In 2018, Razon Group acquired Aviation Concepts Technical Services, Inc. (ACTSI) and signed a 25-year lease agreement (as well as a 25-year option) with the local government that will see the airport transformed into a regional business aviation hub, with a fifty plus years potential. The company is refurbishing its 1.8 acre facility and targeting to its premiere upgrade in the third quarter of 2019.

In July 2021, the airport was used again for repatriation flights of Overseas Filipino Workers (OFW) which were facilitated by Philippine Airlines. The activity led to the revival of a commercial flight schedule for the first time since 2011 despite the COVID-19 pandemic.
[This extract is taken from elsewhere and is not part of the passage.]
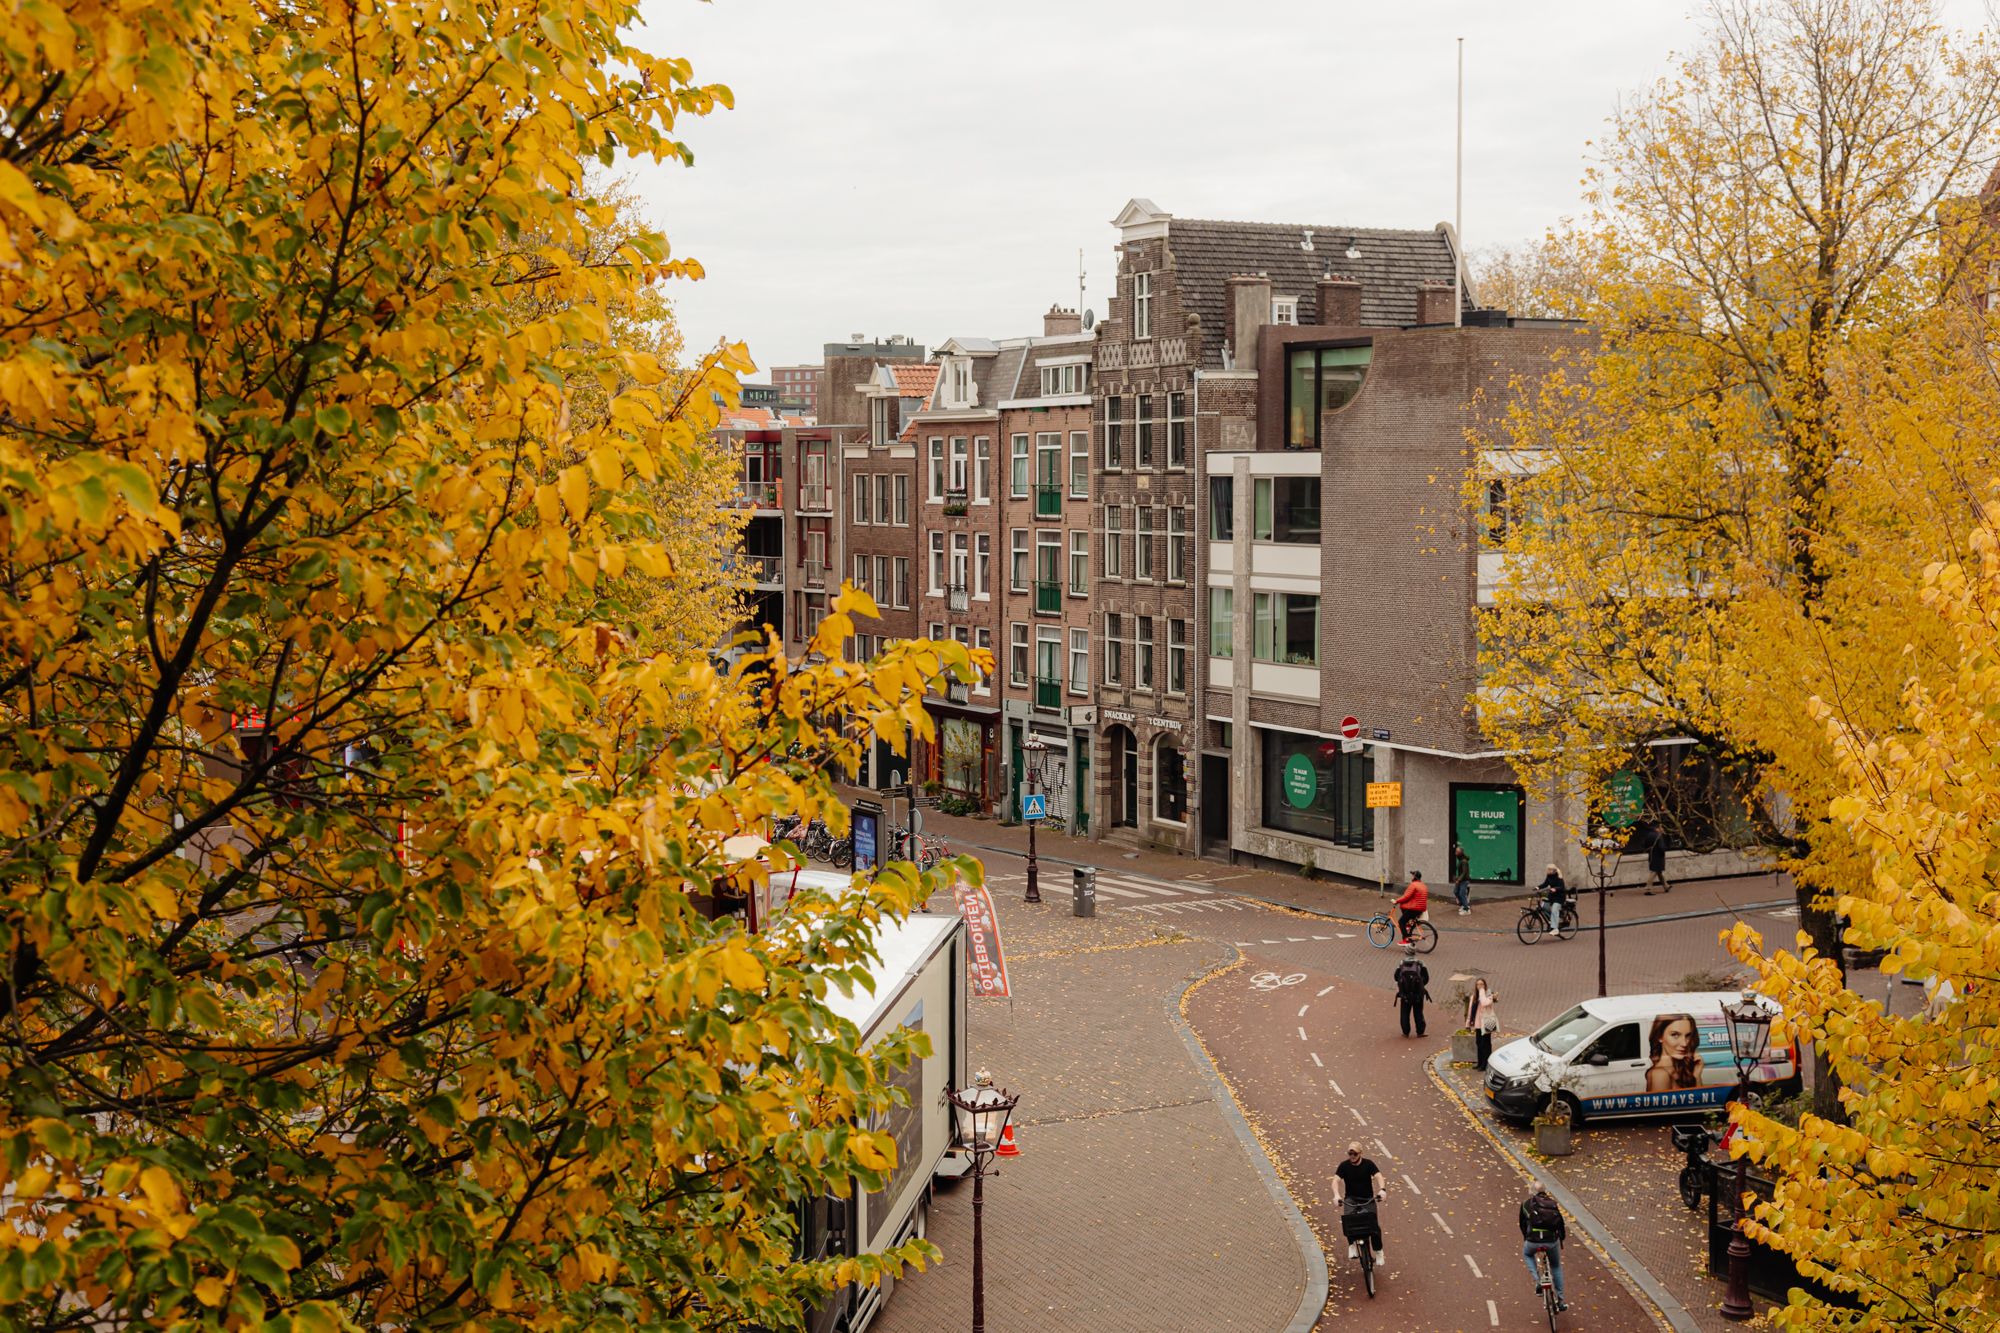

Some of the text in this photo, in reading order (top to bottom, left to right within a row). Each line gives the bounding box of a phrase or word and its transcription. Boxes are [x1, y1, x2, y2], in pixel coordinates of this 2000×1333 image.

[989, 727, 994, 739] 8
[1469, 810, 1505, 819] TE HUUR
[1592, 1091, 1717, 1110] WWW.SUNDAYS.NL
Repatriation flights to the airport ended on 22 February 2022 after capacity restrictions at Ninoy Aquino International Airport were eased.

== Future directions ==
===Subic Bay Airfield===
The restoration of Subic Bay Airfield (U.S. Naval Base Subic Bay) with a new forward operating base will host the maritime patrol assets for territorial disputes in the South China Sea operations, including joint warfare in line with the Comprehensive Archipelagic Defense Concept (CADC). Situated along the former Naval Air Station Cubi Point at Naval Base Subic Bay edge, the project will enhance its surveillance aircraft and power projection around the South China Sea. Philippine Air Force documents reveal that it will be established at Subic Bay International Airport, especially since the Armed Forces of the Philippines chose SBIA for “Joint Air-Sea-Land Operations,” which can support both attack aircraft and reconnaissance aircraft. In 2022, the government established Naval Operating Base Subic, the 100-hectare northern yard of which is occupied by the Philippine Navy.
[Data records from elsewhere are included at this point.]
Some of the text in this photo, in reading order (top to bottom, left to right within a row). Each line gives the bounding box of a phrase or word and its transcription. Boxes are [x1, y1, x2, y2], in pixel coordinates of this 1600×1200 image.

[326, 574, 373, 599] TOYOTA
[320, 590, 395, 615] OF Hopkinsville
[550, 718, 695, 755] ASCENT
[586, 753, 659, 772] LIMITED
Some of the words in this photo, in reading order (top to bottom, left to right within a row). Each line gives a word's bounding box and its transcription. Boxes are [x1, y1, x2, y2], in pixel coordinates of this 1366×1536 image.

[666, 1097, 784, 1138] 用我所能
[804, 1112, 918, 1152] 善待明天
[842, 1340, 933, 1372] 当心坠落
==Airlines and destinations==
As of 2025, there are no airlines which operate scheduled services from the airport.

===Cargo airlines===
On 6 February 2009, FedEx Express relocated its hub from the Subic Bay International Airport to the Guangzhou Baiyun International Airport in China. Ground and technical operations were likewise transferred to the Clark International Airport at the Clark Freeport Zone, Pampanga. FedEx's support company, Corporate Air, ceased all operations after the hub closure.

===Flight training===

- ACE Pilots Aviation Academy
- Aero Equipment Aviation Inc.
- Alpha Aviation Group
- APG International Aviation Academy
- Asian Institute Of Aviation
- First Aviation Academy Inc.
- Laminar Aviation, Inc.
- OMNI Aviation Corporation

The airport is also a base of a flight school Aeroflite Aviation Corp since 2006.

==Events==

Subic Bay International Airport hosted a number of wide-bodied aircraft during the seventh APEC Summit in 1996. They included a chartered Royal Brunei Airlines Airbus A340-200, Japanese Air Force One, and the Air Force One, among others.
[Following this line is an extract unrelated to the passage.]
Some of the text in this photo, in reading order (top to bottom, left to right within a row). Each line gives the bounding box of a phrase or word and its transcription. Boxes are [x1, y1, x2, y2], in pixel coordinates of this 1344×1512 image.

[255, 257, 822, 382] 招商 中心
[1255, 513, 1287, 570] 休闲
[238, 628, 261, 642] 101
==Accidents and incidents==
- On 17 October 1999, FedEx Express Flight 087, a McDonnell Douglas MD-11F, crashed after landing at runway 07. The aircraft was operating from Shanghai Hongqiao International Airport. Upon landing, the aircraft rolled down the whole length of the runway before plunging into the Subic Bay where it was completely submerged except for the cockpit. Both pilots survived with minor injuries. The aircraft was written off. The accident was attributed to the pilot's failure to respond appropriately to the incorrect airspeed indication and to recognize the correct airspeed. In addition, the pitot pipe drain was blocked, the alarm system that alerted the airspeed abnormality was insufficient, and the checklist procedure did not include reference to backup instruments.